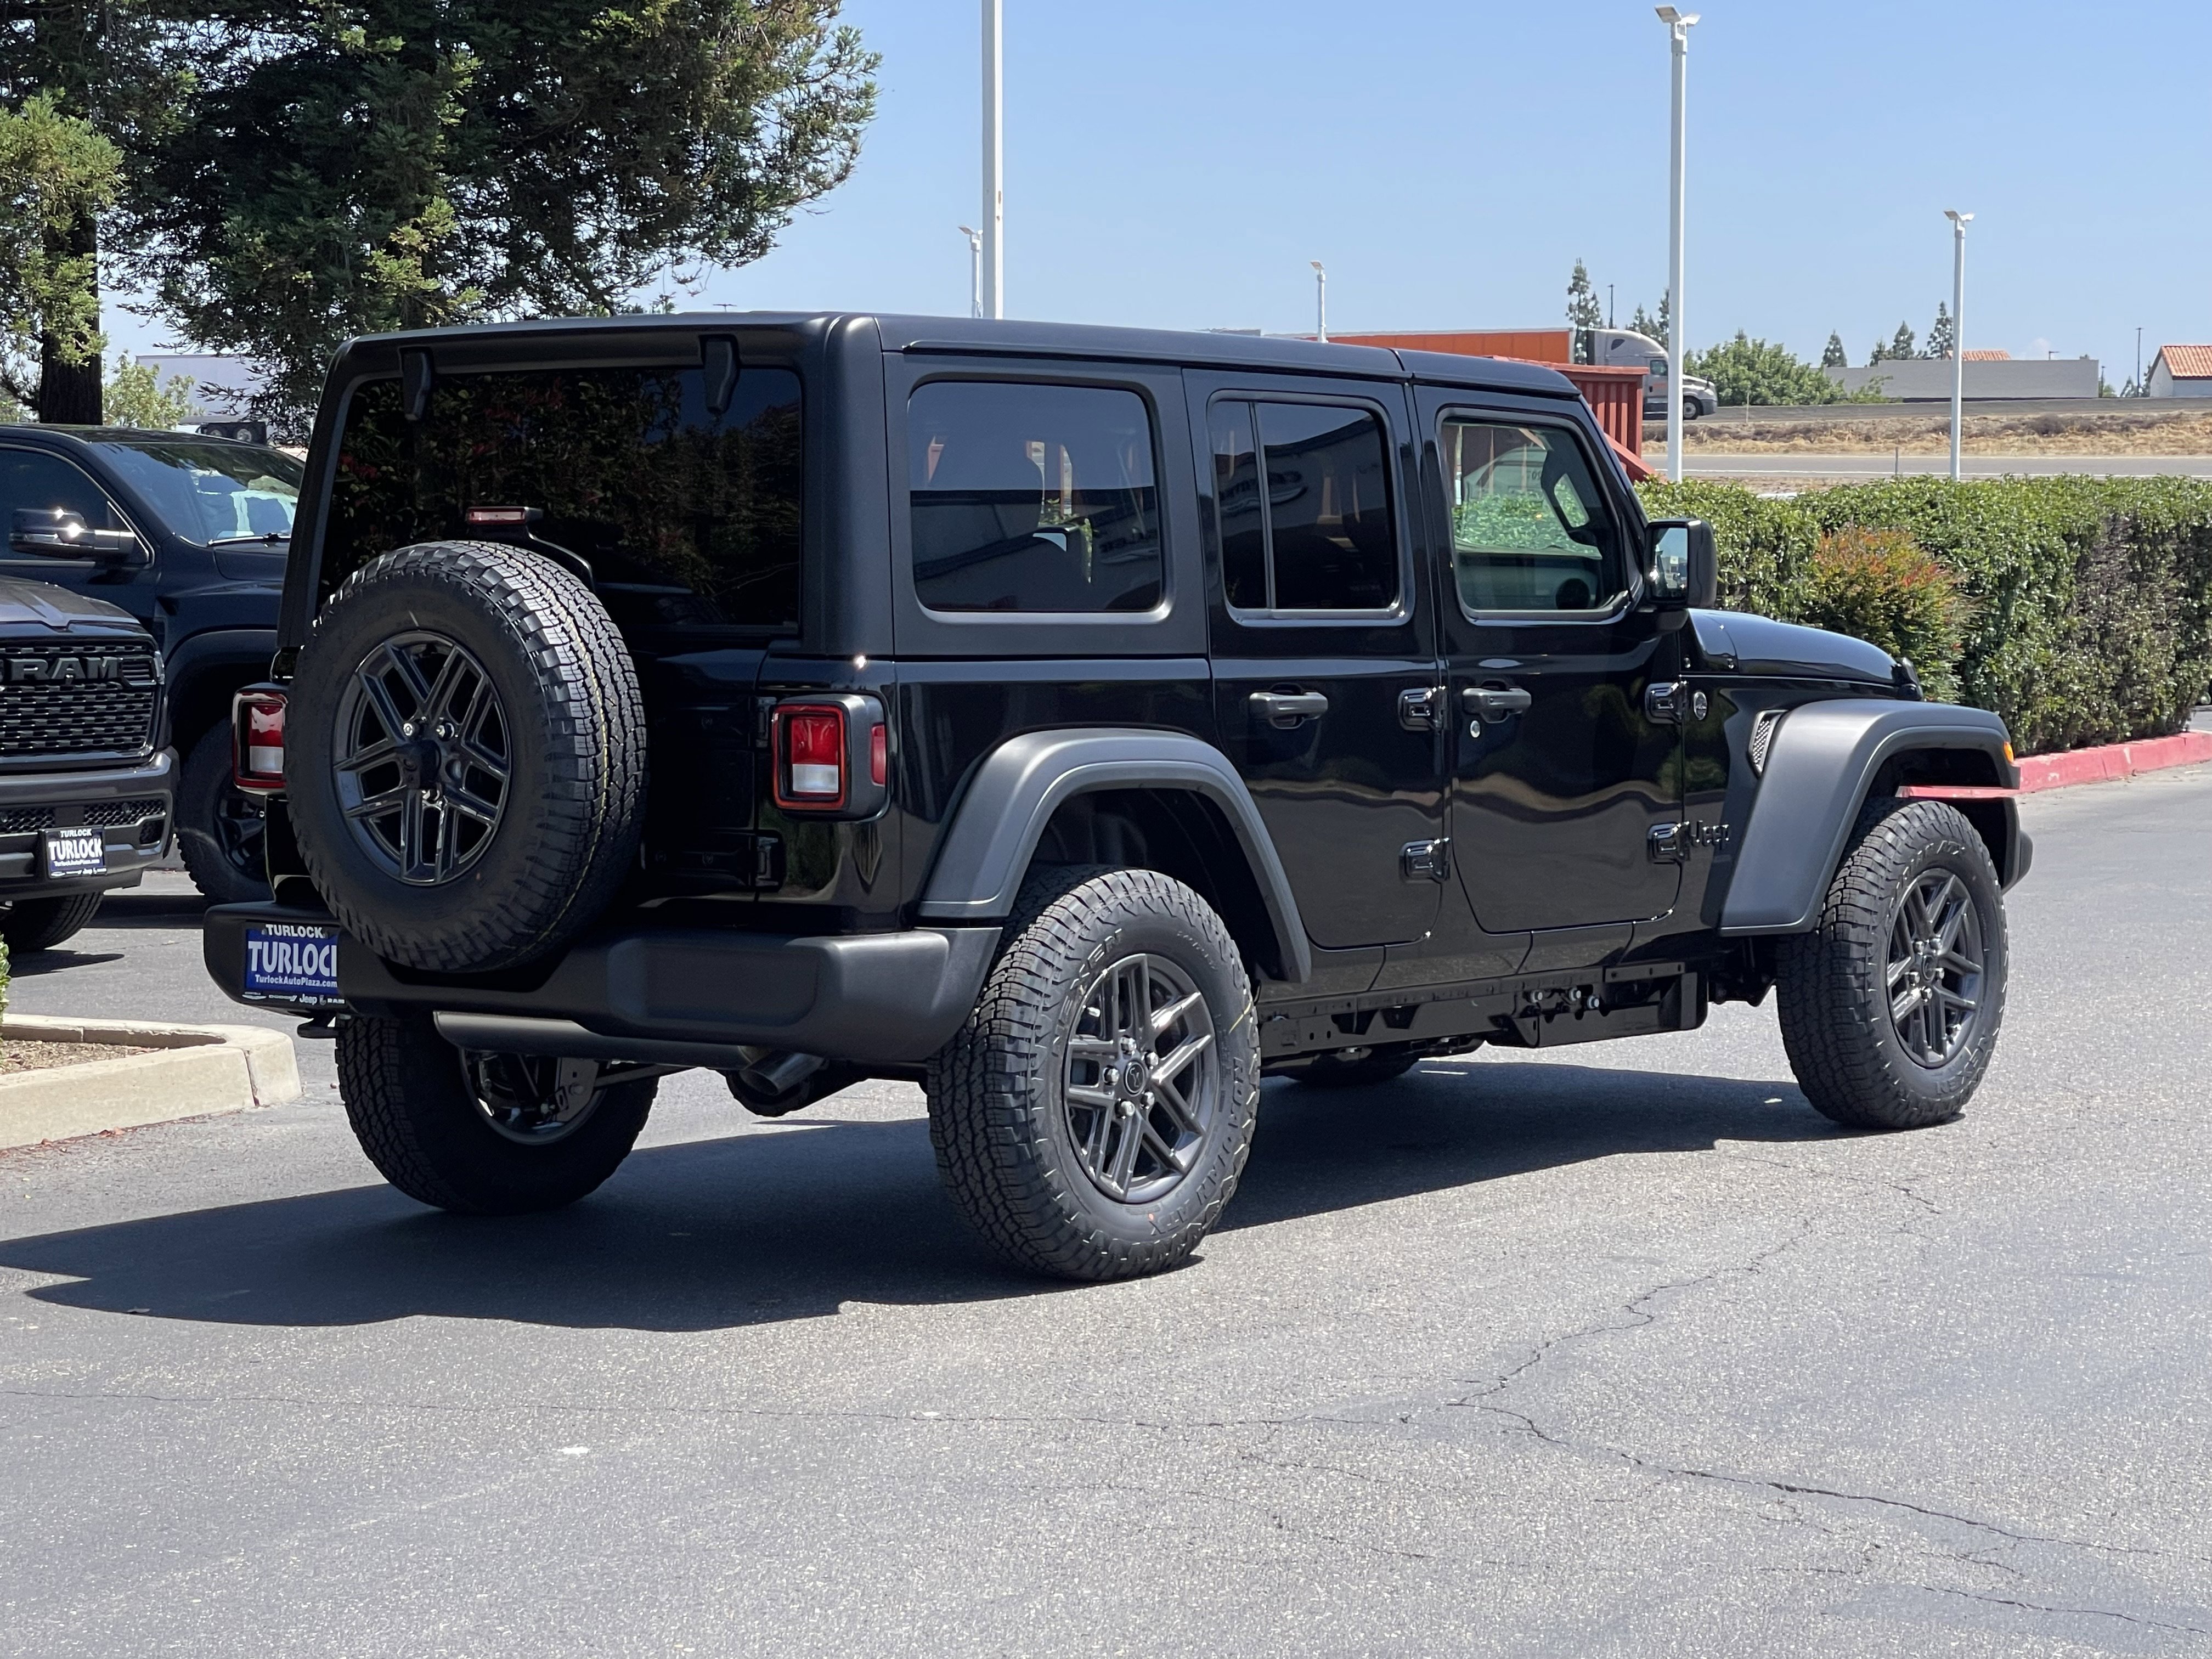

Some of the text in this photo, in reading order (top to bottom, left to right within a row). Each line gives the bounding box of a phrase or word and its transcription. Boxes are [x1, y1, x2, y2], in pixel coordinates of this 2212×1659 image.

[11, 657, 118, 681] RAM
[60, 828, 92, 838] TURLOCK
[1690, 820, 1730, 850] Jeep
[48, 838, 103, 861] TURLOCK
[266, 924, 324, 939] TURLOCK
[255, 974, 338, 988] TurlockAutoPlaza.com
[300, 994, 318, 1005] Jeep

-.-.-

Assignment: Please return the whole listing exactly. Do not copy its images.

Exercise result:
Some of the text in this photo, in reading order (top to bottom, left to right within a row). Each line gives the bounding box of a phrase or word and its transcription. Boxes are [x1, y1, x2, y2], in pixel coordinates of this 2212×1659 image.

[11, 657, 118, 681] RAM
[60, 828, 92, 838] TURLOCK
[1690, 820, 1730, 850] Jeep
[48, 838, 103, 861] TURLOCK
[266, 924, 324, 939] TURLOCK
[255, 974, 338, 988] TurlockAutoPlaza.com
[300, 994, 318, 1005] Jeep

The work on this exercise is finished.